La verdadera revolución es el tiempo

Los tiempos han cambiado la corrupción. Antaño era moderada, discreta e inocua. Ahora es cínica, desmedida y muy dañina. Antes, los municipios vivían al día. Ahora, hay 300 alcaldes que podrían robar 400 millones cada año. Y no es lo mismo vender permisos de casinos, que no afecta ni al erario ni a los ciudadanos, que robar en medicinas vitales.

El tiempo lo cambia todo. Tan sólo en el último siglo ha cambiado la salud, la naturaleza, la política, la ley, la ciencia, la cultura y hasta la religión. Por eso vemos fenómenos insólitos. Hoy, los reyes son los respetuosos de sus parlamentos mientras que los presidentes injurian o amenazan a sus congresos. Hoy, las detenciones se avisan, las investigaciones se informan y los espías se anuncian. Hoy, los cárteles son cumplidores y los gobiernos son mentirosos.

El tiempo ha cambiado la salud. En tan sólo 50 años, la ciencia médica mejoró y vencimos las enfermedades de país pobre. Las enfermedades tropicales, las infecciones y las vacunables. Las disenterías, las tuberculosis y las fiebres. Pero no lo previmos y nos quedamos con las enfermedades de país rico. La diabetes, el corazón, la obesidad, el cáncer y la vejez, que es la enfermedad más larga, la más costosa, la más incurable y la más mortífera que existe. Su pronóstico nunca falla.

El tiempo ha cambiado la educación. En las décadas 60 y 70, los niños estudiamos con el diseño educativo de José Vasconcelos, claramente intelectual y humanista. En las décadas 80 y 90, nuestros hijos estudiaron con el diseño educativo de Jaime Torres Bodet, más tecnológica, más naturista y más científica. Más tarde, nuestros nietos han estudiado con el diseño educativo de Manuel Bartlett y no sé cómo crezcan. Y los hijos de esos nietos se formarán con el diseño de Mario Delgado. Ésa es la obra de los tiempos en la educación mexicana.

El tiempo ha cambiado la delincuencia y sus nueve etapas de evolución. Ellas son la delincuencia tradicional, la corruptiva, la organizada, la internacionalización, la deshumanización, el barbarismo, la subversión político-criminal, la politización delictiva y la regencia delincuencial. Hoy vamos entre la octava y la novena, so pena de ser ingenuo.

Se han vencido algunos delitos. Otros, se pueden vencer. Pero hay algunos que, hasta ahora, perecen invencibles, como el narcotráfico. Aún no lo ha vencido ni el país más rico ni el ejército más poderoso.

Los tiempos han cambiado la corrupción. Antaño era moderada, discreta e inocua. Ahora es cínica, desmedida y muy dañina. Antes, los municipios vivían al día. Ahora, hay 300 alcaldes que podrían robar 400 millones cada año. Y no es lo mismo vender permisos de casinos, que no afecta ni al erario ni a los ciudadanos, que robar en medicinas vitales.

Los tiempos han cambiado la visión de la posible desaparición futura del Estado como forma de organización política. Es lógico que ninguna obra humana existirá para siempre. Que todas las históricas formas de organización política han desparecido. Así sucedió con el clan, con la tribu, con el feudo y con el imperio. Sería ingenuo pensar que el Estado fuera la excepción de eternidad.

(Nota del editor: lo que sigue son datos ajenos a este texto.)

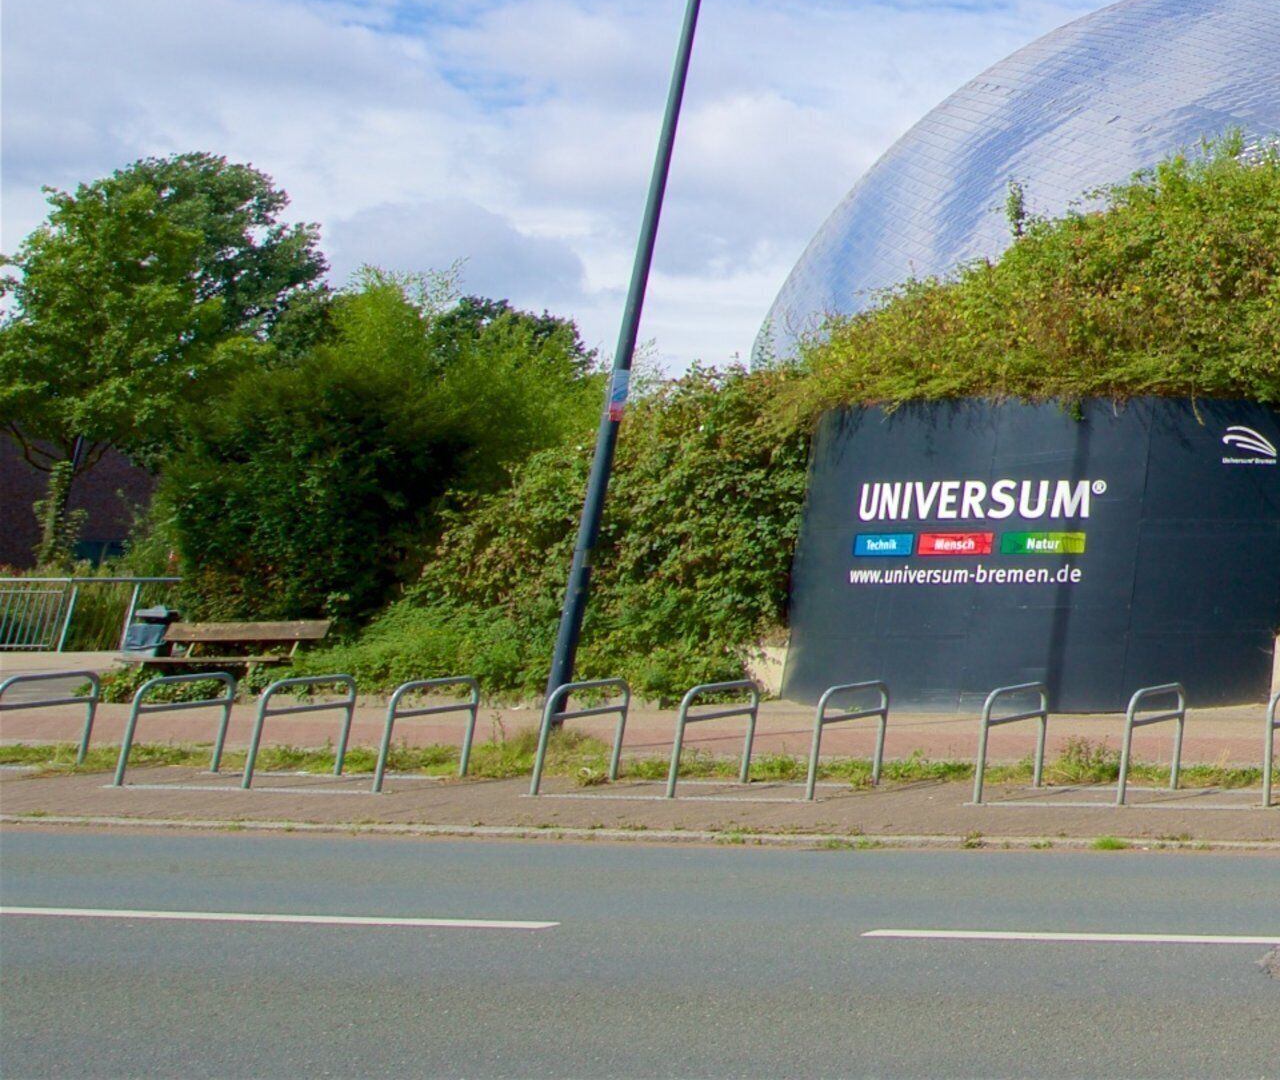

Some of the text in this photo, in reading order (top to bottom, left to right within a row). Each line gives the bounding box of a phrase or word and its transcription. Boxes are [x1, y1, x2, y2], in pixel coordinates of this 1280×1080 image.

Confieso que yo soy de los que cree que, antes de la extinción del Estado, habrá una metamorfosis de muchas ideas políticas. Quizá los conceptos y los modelos de soberanía y de república sean de los que pervivan más tiempo. Pero la democracia, el control constitucional, la federación y la división de poderes han tenido una persistente decadencia, por lo menos en México.

La gran interrogante para el futuro es si queremos más Estado o queremos menos Estado. Aquí habrá que enfrentar dos riesgos. El primero es que los defensores del Estado lo quieran proteger por la vía del estatismo que fácilmente se convierte en totalitarismo, de allí en dictadura y de allí en tiranía.

El segundo es que los opositores del Estado lo quieran derruir por la vía del liberalismo que fácilmente se convierte en individualismo, de allí en desorden y de allí en anarquía.

Para tratar de entender, me gusta preguntar a los maduros y a los jóvenes. Todos tienen talento. Aquéllos, con experiencia. Éstos, con esperanza. Pero todos los días me enriquezco con sus respuestas. Gracias a ellos, no tengo día perdido. Carpe diem.